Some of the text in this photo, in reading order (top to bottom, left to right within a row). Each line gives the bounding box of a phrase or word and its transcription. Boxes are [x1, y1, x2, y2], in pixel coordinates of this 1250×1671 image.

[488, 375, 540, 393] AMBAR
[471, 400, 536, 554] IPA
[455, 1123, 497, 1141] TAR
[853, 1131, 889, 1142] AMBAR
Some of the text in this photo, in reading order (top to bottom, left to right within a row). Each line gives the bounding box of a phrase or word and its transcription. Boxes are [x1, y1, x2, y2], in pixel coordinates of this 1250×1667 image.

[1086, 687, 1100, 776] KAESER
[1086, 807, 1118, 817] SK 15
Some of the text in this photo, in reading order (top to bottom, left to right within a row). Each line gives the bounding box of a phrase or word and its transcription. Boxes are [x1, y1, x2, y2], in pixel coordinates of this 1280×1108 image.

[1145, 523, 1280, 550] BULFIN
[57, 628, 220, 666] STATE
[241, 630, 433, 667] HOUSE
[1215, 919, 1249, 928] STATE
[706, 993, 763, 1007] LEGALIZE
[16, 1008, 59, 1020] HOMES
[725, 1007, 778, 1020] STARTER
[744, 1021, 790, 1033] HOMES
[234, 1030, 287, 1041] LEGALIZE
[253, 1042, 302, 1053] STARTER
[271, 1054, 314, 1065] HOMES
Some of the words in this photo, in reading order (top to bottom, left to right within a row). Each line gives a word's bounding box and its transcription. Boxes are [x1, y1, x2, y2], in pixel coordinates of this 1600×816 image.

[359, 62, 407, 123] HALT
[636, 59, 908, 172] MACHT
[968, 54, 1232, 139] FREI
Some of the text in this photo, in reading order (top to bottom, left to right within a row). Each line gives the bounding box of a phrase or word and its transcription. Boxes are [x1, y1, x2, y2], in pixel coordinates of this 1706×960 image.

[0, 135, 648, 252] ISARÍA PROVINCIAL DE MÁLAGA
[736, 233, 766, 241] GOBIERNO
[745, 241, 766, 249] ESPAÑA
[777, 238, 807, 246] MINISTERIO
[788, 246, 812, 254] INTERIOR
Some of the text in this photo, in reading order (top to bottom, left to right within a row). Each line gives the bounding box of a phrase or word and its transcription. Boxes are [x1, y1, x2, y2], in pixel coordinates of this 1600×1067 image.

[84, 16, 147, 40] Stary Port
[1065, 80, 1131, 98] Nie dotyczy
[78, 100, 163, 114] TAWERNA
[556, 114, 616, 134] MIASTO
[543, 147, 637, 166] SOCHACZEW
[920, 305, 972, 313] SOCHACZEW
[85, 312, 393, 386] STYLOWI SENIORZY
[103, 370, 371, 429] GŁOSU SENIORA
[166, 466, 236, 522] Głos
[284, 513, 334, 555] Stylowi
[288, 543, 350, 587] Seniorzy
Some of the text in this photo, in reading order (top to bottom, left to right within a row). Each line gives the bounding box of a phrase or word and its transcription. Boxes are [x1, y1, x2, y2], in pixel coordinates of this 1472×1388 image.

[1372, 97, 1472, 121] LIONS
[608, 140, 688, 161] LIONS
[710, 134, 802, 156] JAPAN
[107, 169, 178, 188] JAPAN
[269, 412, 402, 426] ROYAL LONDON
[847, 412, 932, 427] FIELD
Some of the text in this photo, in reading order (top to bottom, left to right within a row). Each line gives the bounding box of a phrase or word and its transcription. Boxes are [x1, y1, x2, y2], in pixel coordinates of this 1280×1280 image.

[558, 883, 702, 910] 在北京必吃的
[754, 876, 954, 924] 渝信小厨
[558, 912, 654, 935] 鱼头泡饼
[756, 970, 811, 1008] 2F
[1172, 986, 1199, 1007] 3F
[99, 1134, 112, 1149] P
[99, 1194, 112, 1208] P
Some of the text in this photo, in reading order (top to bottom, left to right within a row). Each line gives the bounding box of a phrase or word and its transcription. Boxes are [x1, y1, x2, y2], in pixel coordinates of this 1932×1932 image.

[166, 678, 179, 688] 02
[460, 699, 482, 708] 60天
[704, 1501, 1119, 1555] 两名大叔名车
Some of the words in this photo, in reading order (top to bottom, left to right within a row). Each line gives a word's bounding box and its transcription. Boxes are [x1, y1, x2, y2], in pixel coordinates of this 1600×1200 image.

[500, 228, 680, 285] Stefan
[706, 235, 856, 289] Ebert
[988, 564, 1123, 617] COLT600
━━━━━━
● **Description of the task**
The full listing is to be restated word for word.

● **Written answer**
Some of the text in this photo, in reading order (top to bottom, left to right within a row). Each line gives the bounding box of a phrase or word and its transcription. Boxes are [x1, y1, x2, y2], in pixel coordinates of this 1250×1671 image.

[488, 375, 540, 393] AMBAR
[471, 400, 536, 554] IPA
[455, 1123, 497, 1141] TAR
[853, 1131, 889, 1142] AMBAR
Some of the text in this photo, in reading order (top to bottom, left to right within a row). Each line gives the bounding box of a phrase or word and its transcription. Boxes are [x1, y1, x2, y2], in pixel coordinates of this 1250×1667 image.

[1086, 687, 1100, 776] KAESER
[1086, 807, 1118, 817] SK 15
Some of the text in this photo, in reading order (top to bottom, left to right within a row). Each line gives the bounding box of a phrase or word and its transcription. Boxes are [x1, y1, x2, y2], in pixel coordinates of this 1280×1108 image.

[1145, 523, 1280, 550] BULFIN
[57, 628, 220, 666] STATE
[241, 630, 433, 667] HOUSE
[1215, 919, 1249, 928] STATE
[706, 993, 763, 1007] LEGALIZE
[16, 1008, 59, 1020] HOMES
[725, 1007, 778, 1020] STARTER
[744, 1021, 790, 1033] HOMES
[234, 1030, 287, 1041] LEGALIZE
[253, 1042, 302, 1053] STARTER
[271, 1054, 314, 1065] HOMES
Some of the words in this photo, in reading order (top to bottom, left to right within a row). Each line gives a word's bounding box and its transcription. Boxes are [x1, y1, x2, y2], in pixel coordinates of this 1600×816 image.

[359, 62, 407, 123] HALT
[636, 59, 908, 172] MACHT
[968, 54, 1232, 139] FREI
Some of the text in this photo, in reading order (top to bottom, left to right within a row). Each line gives the bounding box of a phrase or word and its transcription. Boxes are [x1, y1, x2, y2], in pixel coordinates of this 1706×960 image.

[0, 135, 648, 252] ISARÍA PROVINCIAL DE MÁLAGA
[736, 233, 766, 241] GOBIERNO
[745, 241, 766, 249] ESPAÑA
[777, 238, 807, 246] MINISTERIO
[788, 246, 812, 254] INTERIOR
Some of the text in this photo, in reading order (top to bottom, left to right within a row). Each line gives the bounding box of a phrase or word and its transcription. Boxes are [x1, y1, x2, y2], in pixel coordinates of this 1600×1067 image.

[84, 16, 147, 40] Stary Port
[1065, 80, 1131, 98] Nie dotyczy
[78, 100, 163, 114] TAWERNA
[556, 114, 616, 134] MIASTO
[543, 147, 637, 166] SOCHACZEW
[920, 305, 972, 313] SOCHACZEW
[85, 312, 393, 386] STYLOWI SENIORZY
[103, 370, 371, 429] GŁOSU SENIORA
[166, 466, 236, 522] Głos
[284, 513, 334, 555] Stylowi
[288, 543, 350, 587] Seniorzy
Some of the text in this photo, in reading order (top to bottom, left to right within a row). Each line gives the bounding box of a phrase or word and its transcription. Boxes are [x1, y1, x2, y2], in pixel coordinates of this 1472×1388 image.

[1372, 97, 1472, 121] LIONS
[608, 140, 688, 161] LIONS
[710, 134, 802, 156] JAPAN
[107, 169, 178, 188] JAPAN
[269, 412, 402, 426] ROYAL LONDON
[847, 412, 932, 427] FIELD
Some of the text in this photo, in reading order (top to bottom, left to right within a row). Each line gives the bounding box of a phrase or word and its transcription. Boxes are [x1, y1, x2, y2], in pixel coordinates of this 1280×1280 image.

[558, 883, 702, 910] 在北京必吃的
[754, 876, 954, 924] 渝信小厨
[558, 912, 654, 935] 鱼头泡饼
[756, 970, 811, 1008] 2F
[1172, 986, 1199, 1007] 3F
[99, 1134, 112, 1149] P
[99, 1194, 112, 1208] P
Some of the text in this photo, in reading order (top to bottom, left to right within a row). Each line gives the bounding box of a phrase or word and its transcription. Boxes are [x1, y1, x2, y2], in pixel coordinates of this 1932×1932 image.

[166, 678, 179, 688] 02
[460, 699, 482, 708] 60天
[704, 1501, 1119, 1555] 两名大叔名车
Some of the words in this photo, in reading order (top to bottom, left to right within a row). Each line gives a word's bounding box and its transcription. Boxes are [x1, y1, x2, y2], in pixel coordinates of this 1600×1200 image.

[500, 228, 680, 285] Stefan
[706, 235, 856, 289] Ebert
[988, 564, 1123, 617] COLT600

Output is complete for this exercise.